I would like to share with subscribers to PASCAL our reflections from the University of Catania on University Third Mission and Local Responsibility. Our paper was recently published on both the Global and the Africa editions of University World News at this link. We welcome your comments.

From the aricle...

Universities have traditionally been seen as autonomous structures with respect to political power and as seats of democratic citizenship that serve their cities and their region or country and the public interest in a broad sense, as institutions that increase and transmit the body of knowledge and spur invention.

The Magna Charta Universitatum and the subsequent Campus Engage Civic and Community Engagement Charter have recently unequivocally sanctioned these fundamental and indispensable aspects of academic institutions. Both of these documents are continuously monitored and updated to respond to the challenges of a particular age.
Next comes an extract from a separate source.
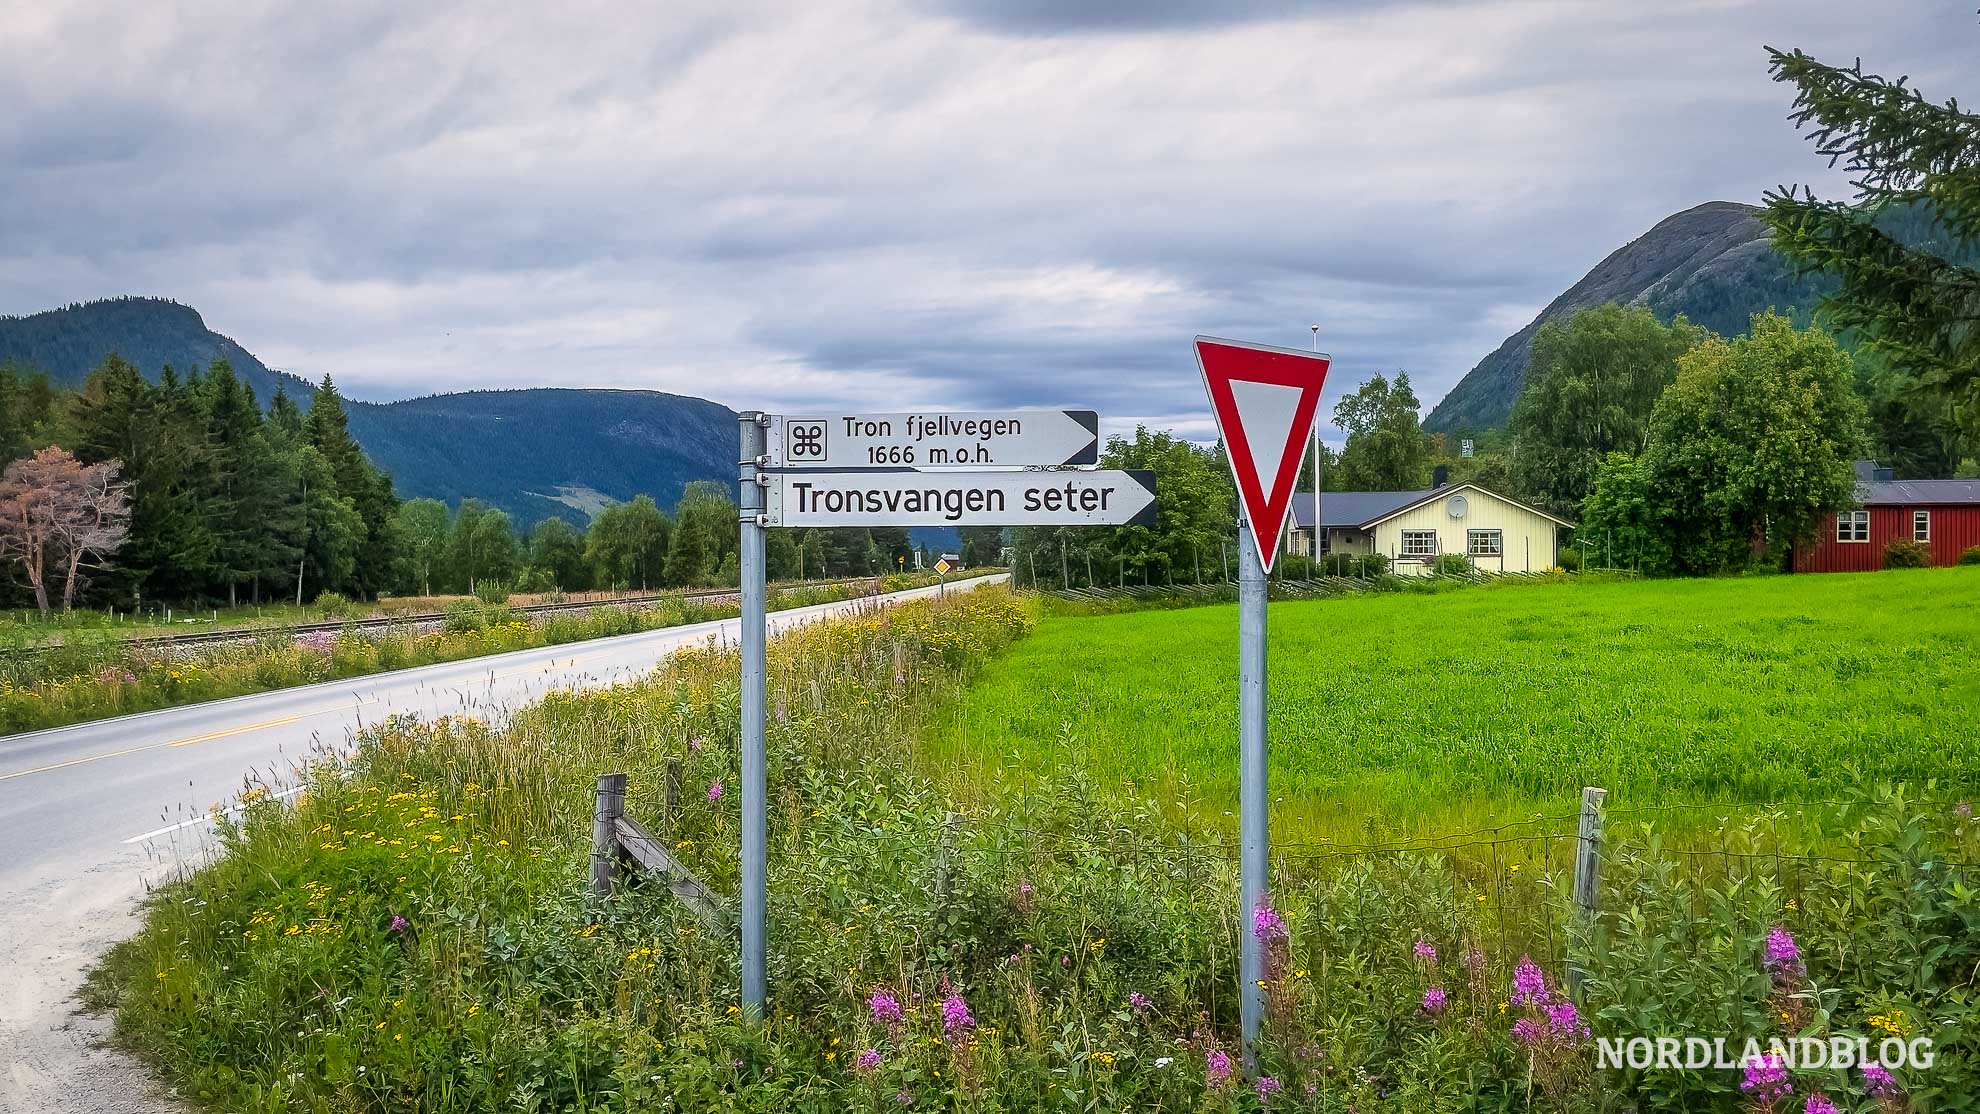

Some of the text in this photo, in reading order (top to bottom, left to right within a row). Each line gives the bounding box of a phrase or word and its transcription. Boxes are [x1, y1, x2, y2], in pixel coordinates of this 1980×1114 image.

[842, 415, 1022, 442] Tron fjellvegen
[868, 443, 994, 464] 1666 m.o.h.
[792, 481, 1115, 521] Tronsvangen seter
However, if the prestige accumulated over the centuries by individual university institutions, both public and private, was due – in whole or in part – to their ability to serve society, their ‘territory of influence’ has been understood in very flexible terms, extending from metropolitan areas to regions, to country level, up to and including in some cases a continent or the entire planet.

Indeed, all universities, despite their differences, share an international dimension as a common factor, in the sense that they are capable of putting students and faculty in permanent connection with other cultures, other countries and other realities. All of them also have a vocation to guide innovation and the economic and cultural development of the region in which they operate, taking the best from the experiences of ‘neighbouring’ territories.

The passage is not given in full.